Familial Exudative Vitreoretinopathy (FEVR) is a hereditary disorder characterized by peripheral avascular retina with neovascularization. Although FEVR has been thoroughly described in multiple literature publications from different countries, there are currently limited articles describing the phenotypes of FEVR among South-East Asian Descendent. This paper describes the clinical phenotype of the FZD4 gene with c.1501_1502 deletion in a 4-generation case series of a South East Asian family.


We reviewed a 4-generation case series of a South-East Asian descendent family consisting of 27 family members with 10 members diagnosed with FEVR. We observed the clinical phenotype of these series of patients, including some of the family members who underwent whole-exome sequencing, PCR amplification and DNA sequencing techniques to identify the mutated gene.


Frameshift mutation (c.1501_1502del) were found in FZD4 gene in this series of patients with the age ranging from 1 month old to 69 years old. There was a 100% (4/4) of our paediatric patients being diagnosed within 21 days of life.
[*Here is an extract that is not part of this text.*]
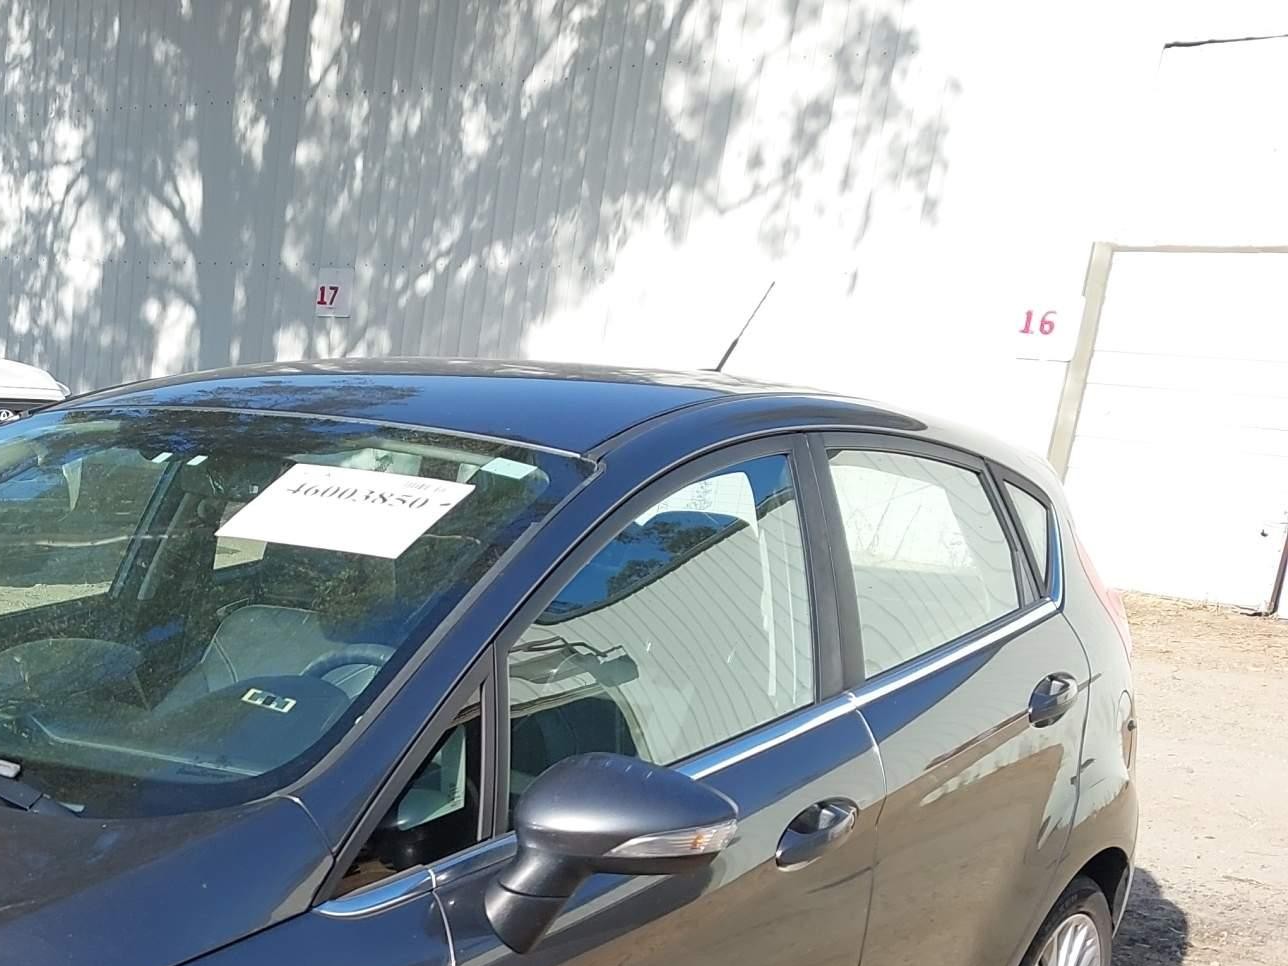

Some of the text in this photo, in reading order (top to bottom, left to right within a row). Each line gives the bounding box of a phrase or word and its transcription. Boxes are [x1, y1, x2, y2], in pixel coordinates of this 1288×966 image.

It was also found that 75% of patients (6/8) less than 40 years old exhibited disease asymmetry of 2 stages or more and 80% (8/10) had a history of vitreoretinal surgery or diode laser photocoagulation, with a further 50% of the adult patients identified as legally blind; the mean age of blindness was 18-years-old.


Phenotypic manifestation of FZD4 gene with c.1501_1502del mutation can be identified within the neonatal period. They have relatively greater clinical asymmetry of 2 stages or more compared to other mutations. Without treatment, most of them will have bilateral severe visual impairment around the adolescent age group.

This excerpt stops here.